Glenn Dams, managing director of JSR genetics, one of two UK companies exporting live pigs to China, explained that the business is arduous but profitable. He said the pigs have to be quarantined for 30 days before and after their flight and must be vaccinated against multiple diseases.
Dams said trade was good because the UK herd has long been held in high regard for its efficiency and quality breeding programmes. He claimed ‘technified’ pigs - animals which are suited to intensive operations - around the world are mainly developed from British stock. He continued that there was a market for well-bred animals which will grow efficiently in Chinese systems, to feed the country’s increasing demand for meat.
Welfare implications of trade resumption
Despite the lucrative trade opportunities it brings, several groups have expressed concern over the systems into which the pigs are being exported. Animal welfare in China does not meet the high standards of the UK and some have posited that the exported pigs will be the subject to cruel treatment in China, which is home to half of the World’s sows.

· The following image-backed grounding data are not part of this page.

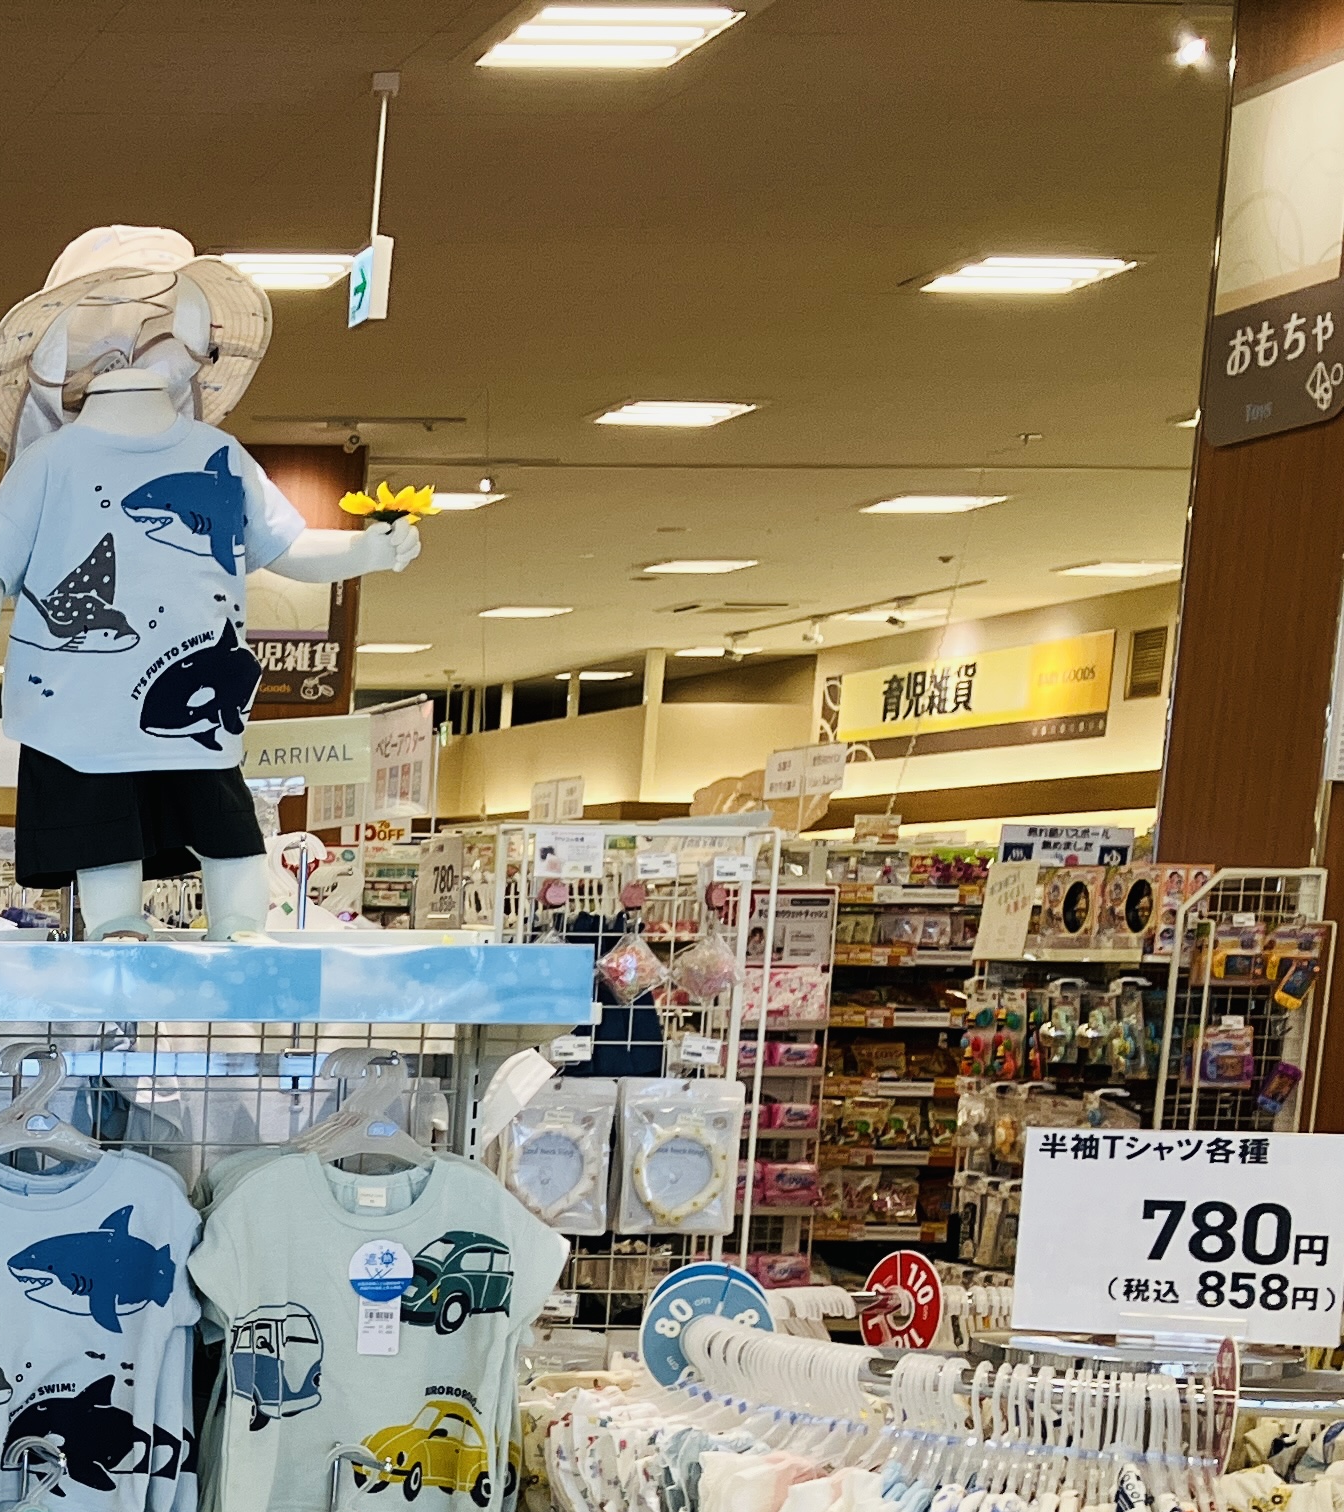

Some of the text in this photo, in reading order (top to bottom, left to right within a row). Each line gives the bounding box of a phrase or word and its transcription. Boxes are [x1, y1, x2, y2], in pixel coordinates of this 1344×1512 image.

[1226, 311, 1334, 376] おもちゃ
[131, 630, 215, 700] IT'S FUN TO SWIM!
[257, 642, 340, 671] 児雑貨
[882, 662, 976, 722] 育児雑貨
[258, 744, 353, 767] ARRIVAL
[1039, 1132, 1270, 1165] 半袖Tシャツ各種
[1142, 1199, 1329, 1266] 780円
[909, 1263, 934, 1305] 110
[655, 1298, 693, 1339] 80
[37, 1382, 76, 1396] SWIM!

Responding to challenges on BBC Radio 4’s Farming Today, Dams denied the exported pigs would be treated inhumanely, although he did acknowledge, “There are different standards and assurances” and conceded the exported animals could be confined to stalls and experience other practices which are not legal in the UK. He said that welfare was down to the stockperson, not the system and claimed the stockpeople in the units where his pigs were destined would be well trained.
However, contrary to Mr Dams’ assurances, Compassion in World Farming said that, in response to the growing demand for meat in the country, factory farm systems with poor welfare considerations are growing fast in China.
CIWF is currently working with various stakeholders in China to improve animal welfare and raise awareness of the benefits of higher welfare farming, including reducing the risks of disease and strain on the environment.